A verbatim transcript of the data that follows, free of images, is the expected result.

Stored data

□ □ □

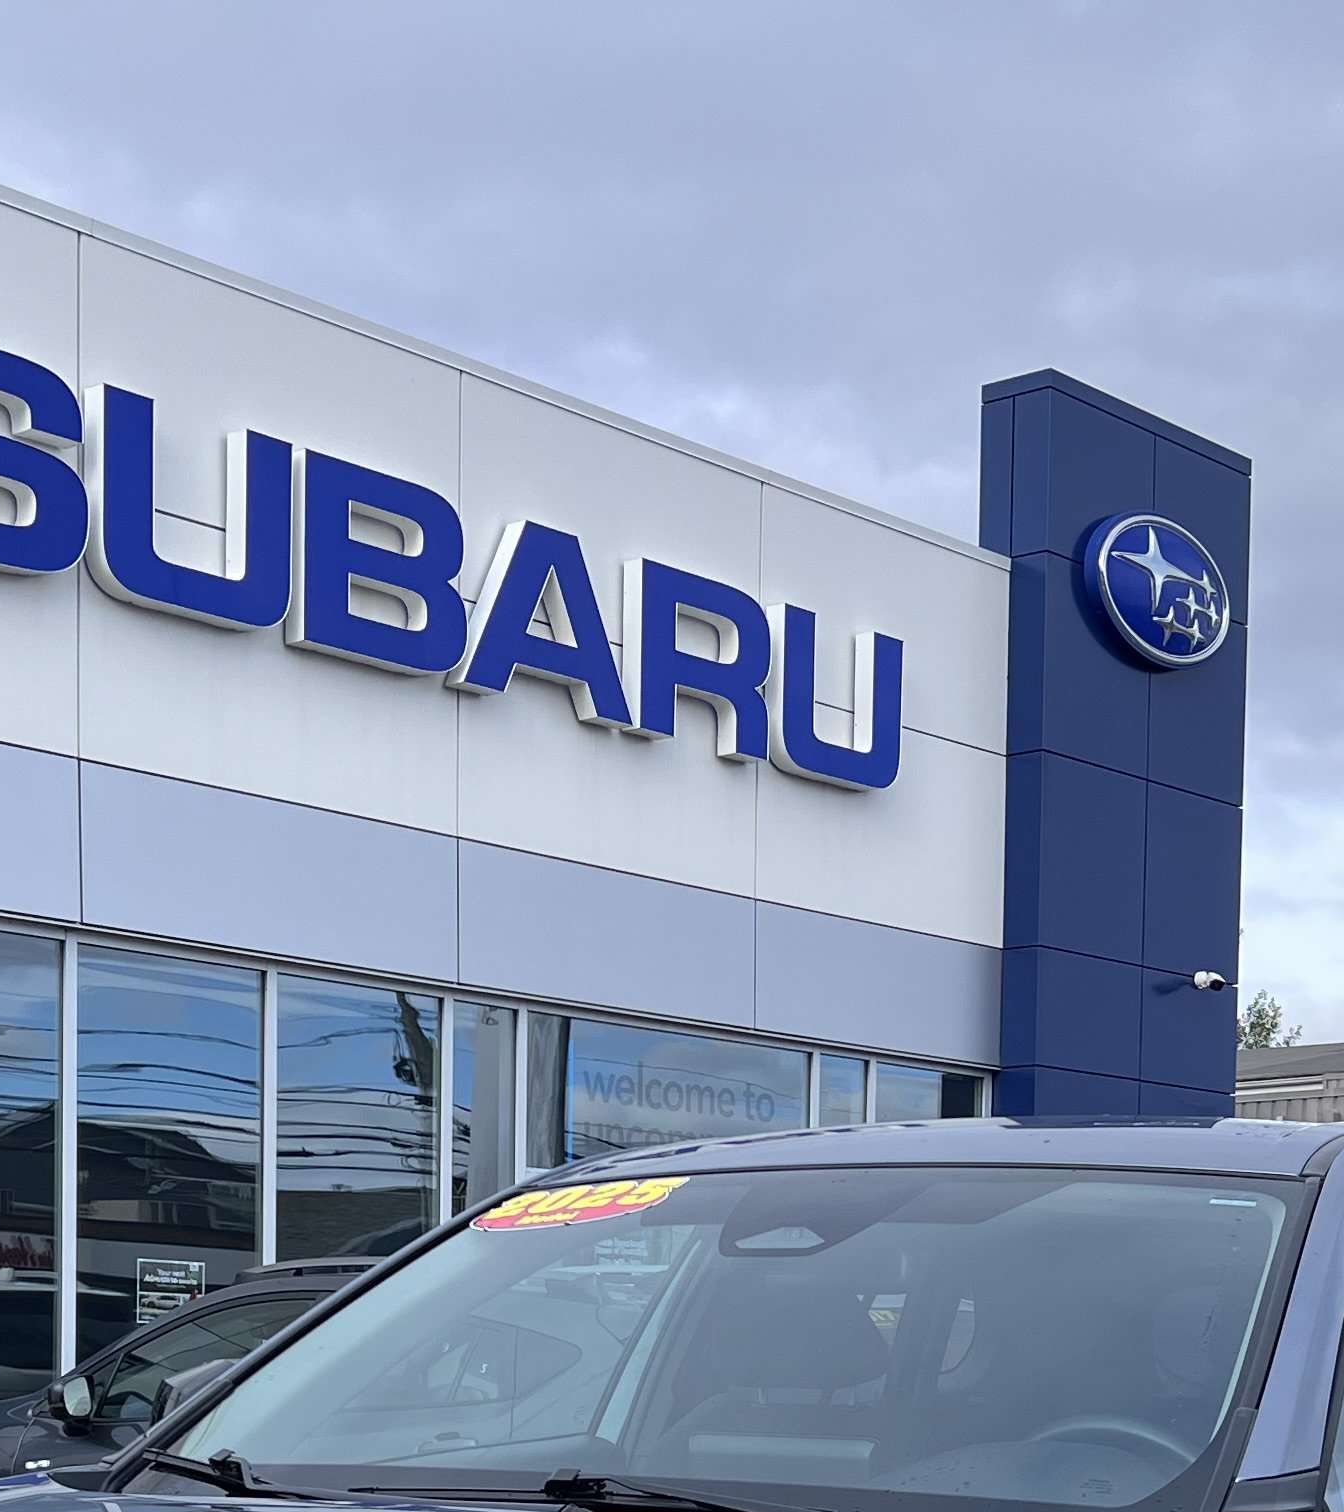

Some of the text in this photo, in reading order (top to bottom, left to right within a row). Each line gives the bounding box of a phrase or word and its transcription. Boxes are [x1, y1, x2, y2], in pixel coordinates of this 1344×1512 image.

[582, 1060, 776, 1123] welcome to
[482, 1176, 691, 1220] 2025
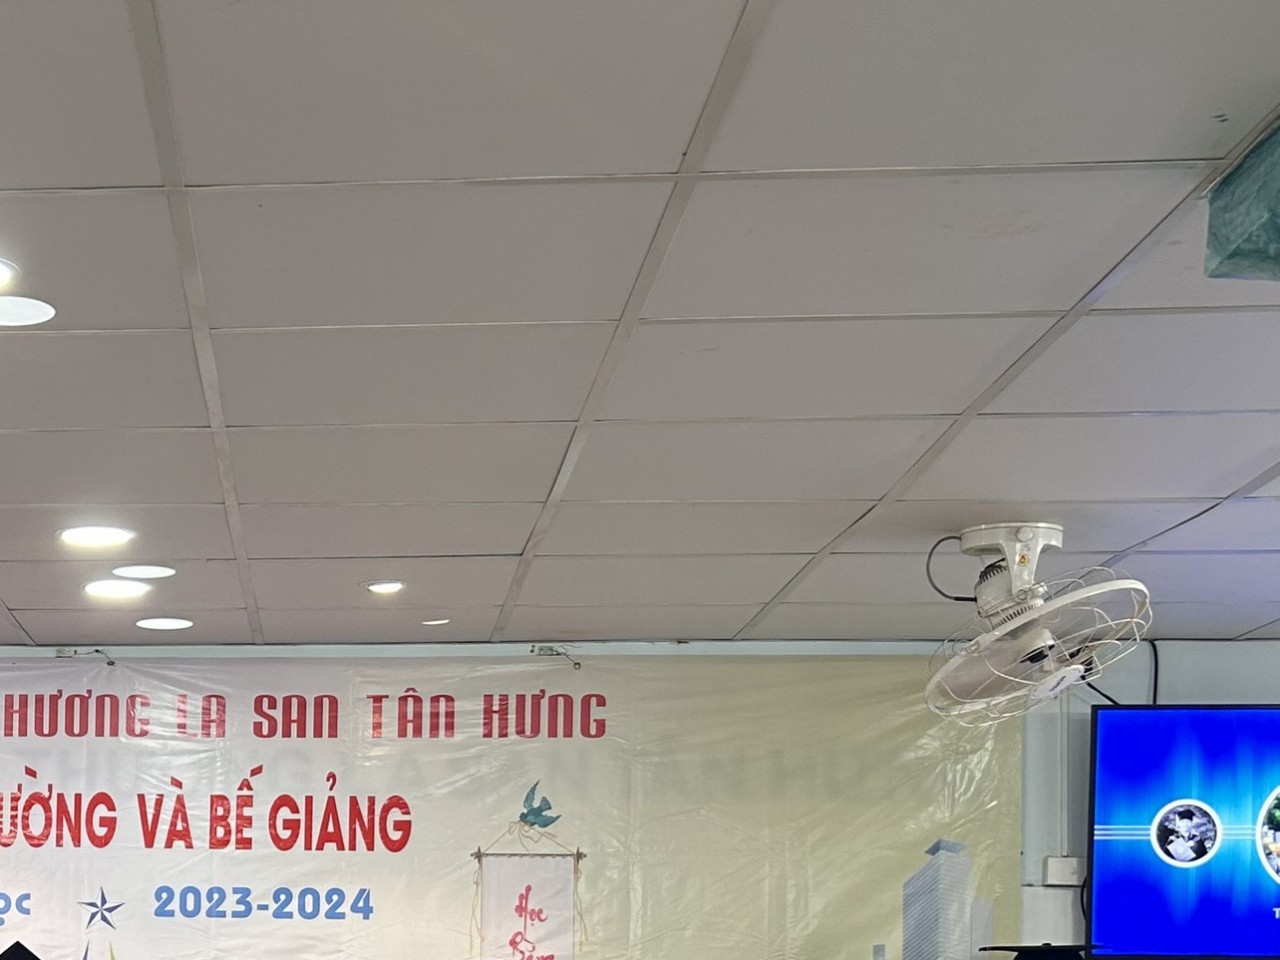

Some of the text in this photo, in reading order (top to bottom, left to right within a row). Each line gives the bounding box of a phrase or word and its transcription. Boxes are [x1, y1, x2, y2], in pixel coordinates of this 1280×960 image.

[176, 692, 226, 740] LA
[253, 693, 339, 740] SAN
[366, 687, 456, 739] TÂN
[482, 688, 608, 740] HƯNG
[136, 776, 194, 850] VÀ
[209, 763, 264, 852] BẾ
[267, 771, 412, 853] GIẢNG
[153, 884, 375, 921] 2023-2024
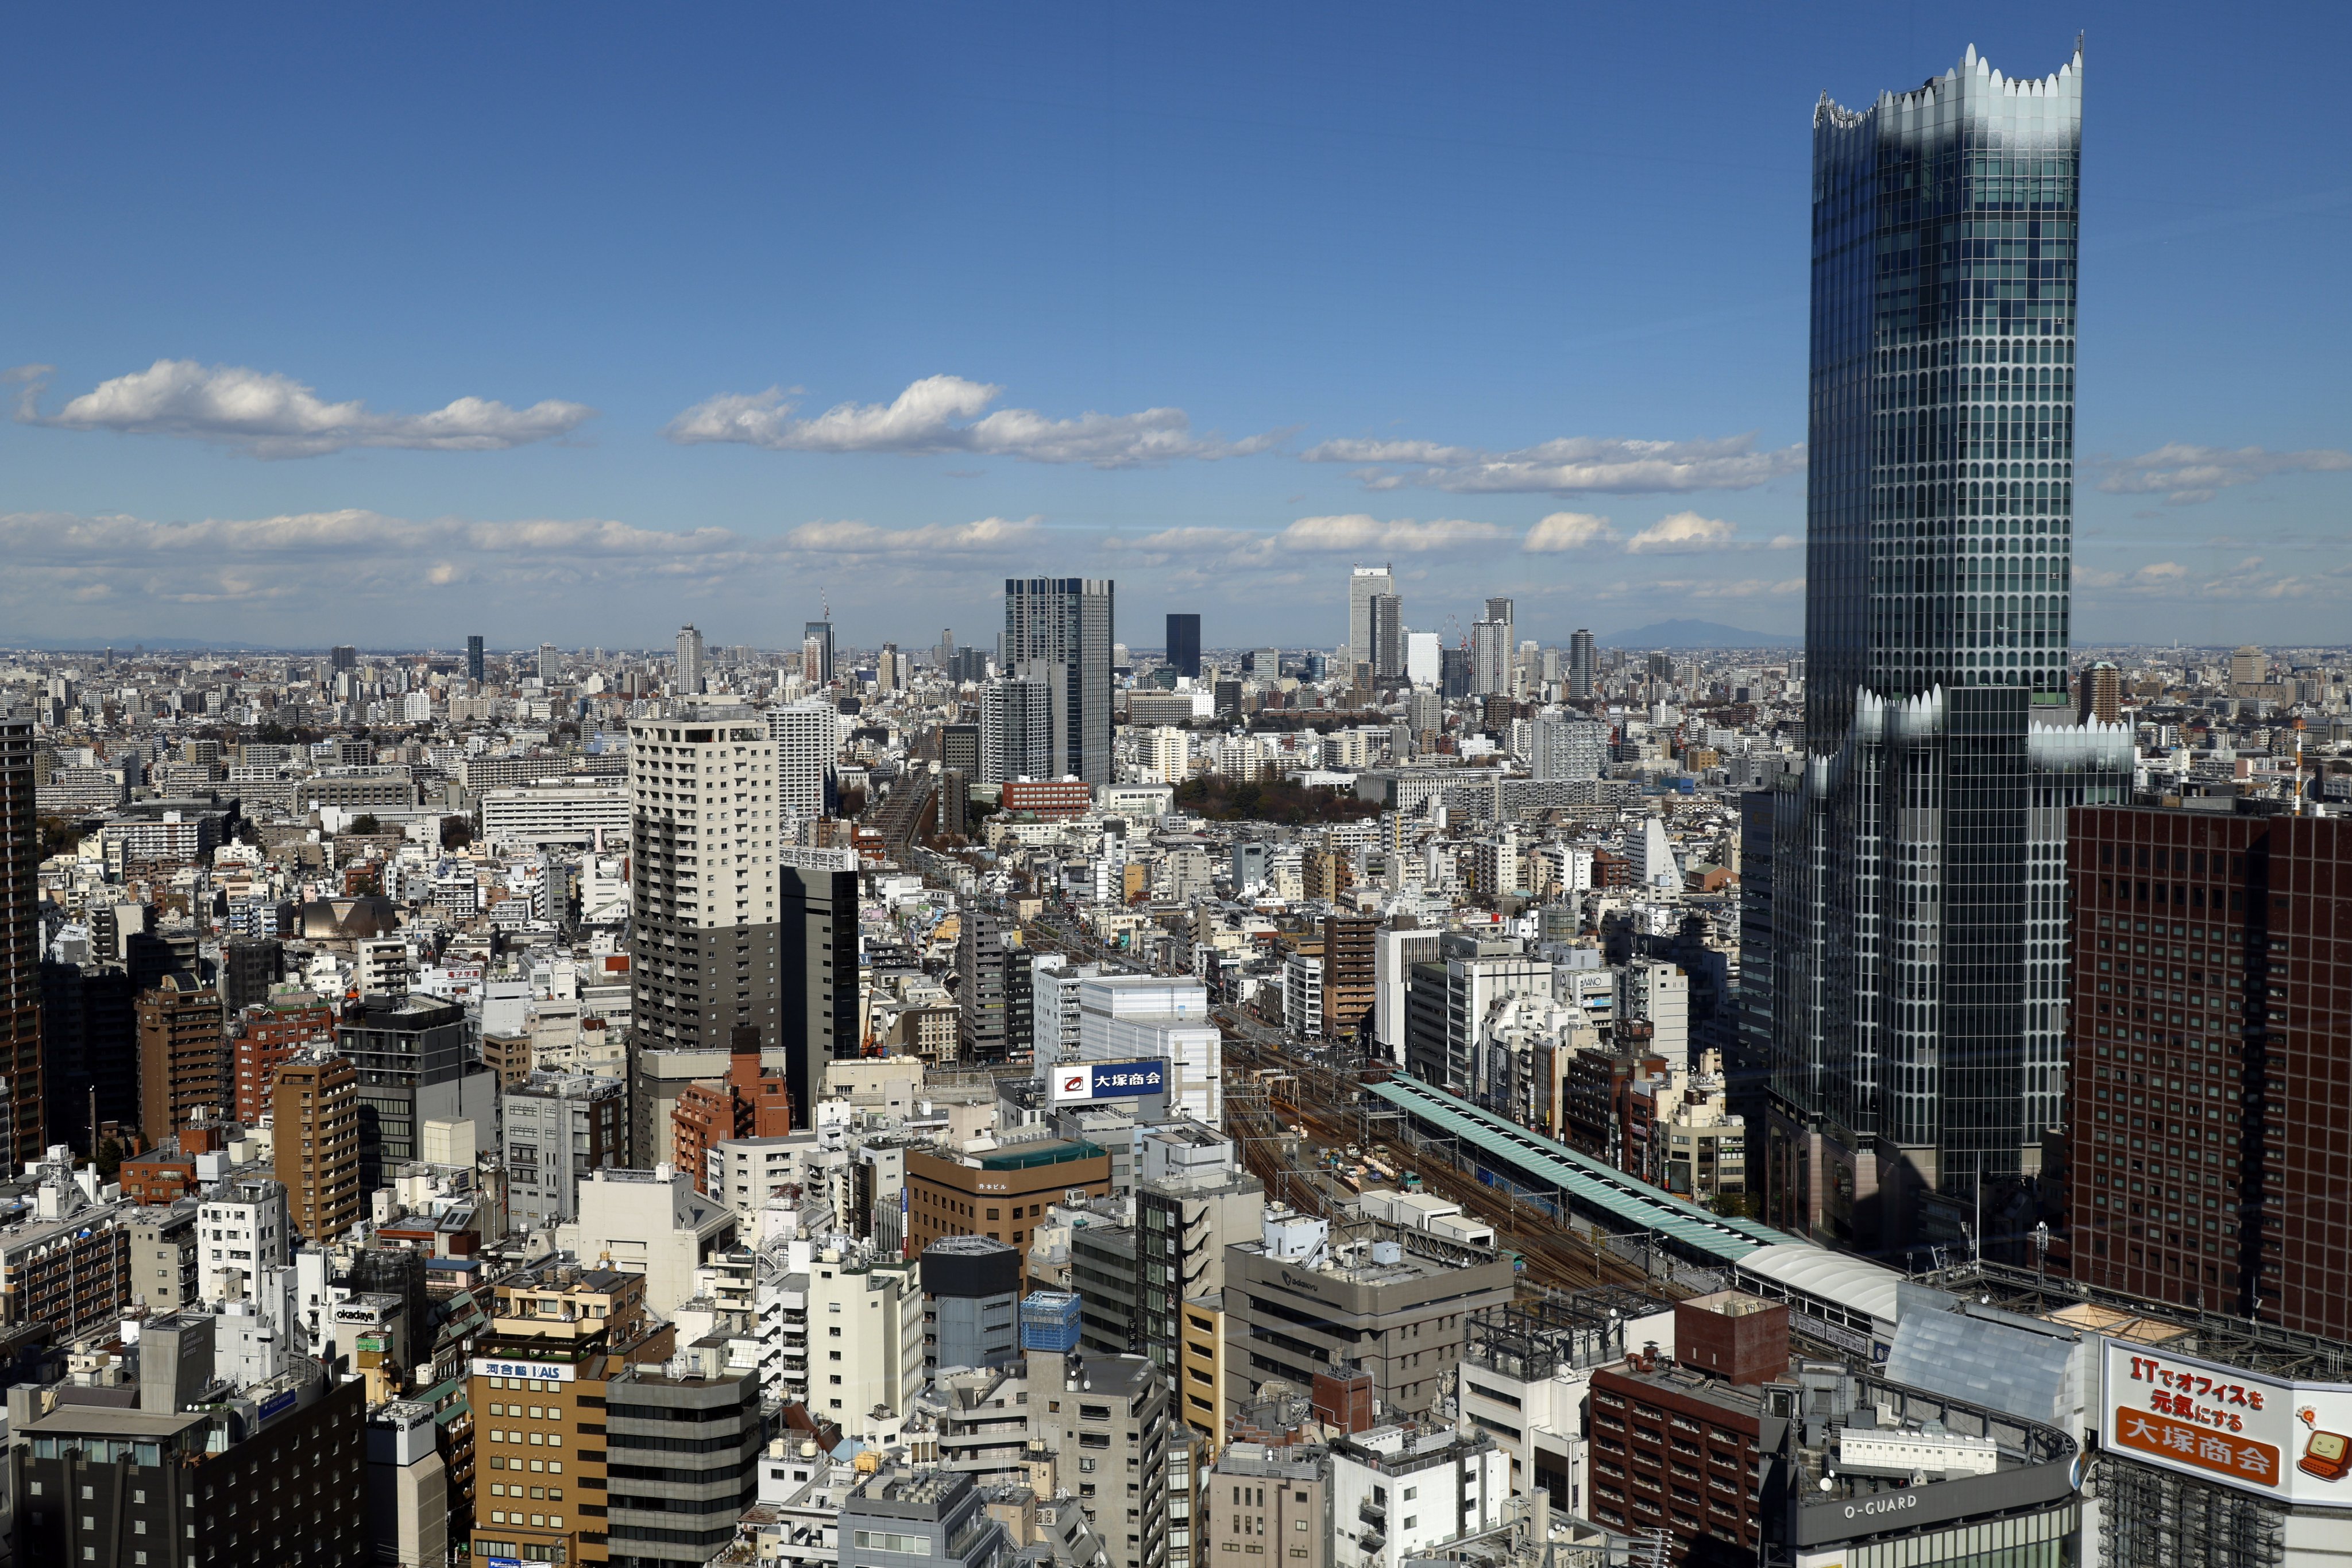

□ □ □

**TASK OUTPUT**
Some of the text in this photo, in reading order (top to bottom, left to right within a row). Each line gives the bounding box of a phrase or word and its transcription. Boxes are [x1, y1, x2, y2], in pixel coordinates of this 1344×1512 image.

[582, 1060, 776, 1123] welcome to
[482, 1176, 691, 1220] 2025

Some of the text in this photo, in reading order (top to bottom, left to right within a row). Each line gives the bounding box of a phrase or word and its transcription. Boxes are [x1, y1, x2, y2], in pixel coordinates of this 1280×960 image.

[176, 692, 226, 740] LA
[253, 693, 339, 740] SAN
[366, 687, 456, 739] TÂN
[482, 688, 608, 740] HƯNG
[136, 776, 194, 850] VÀ
[209, 763, 264, 852] BẾ
[267, 771, 412, 853] GIẢNG
[153, 884, 375, 921] 2023-2024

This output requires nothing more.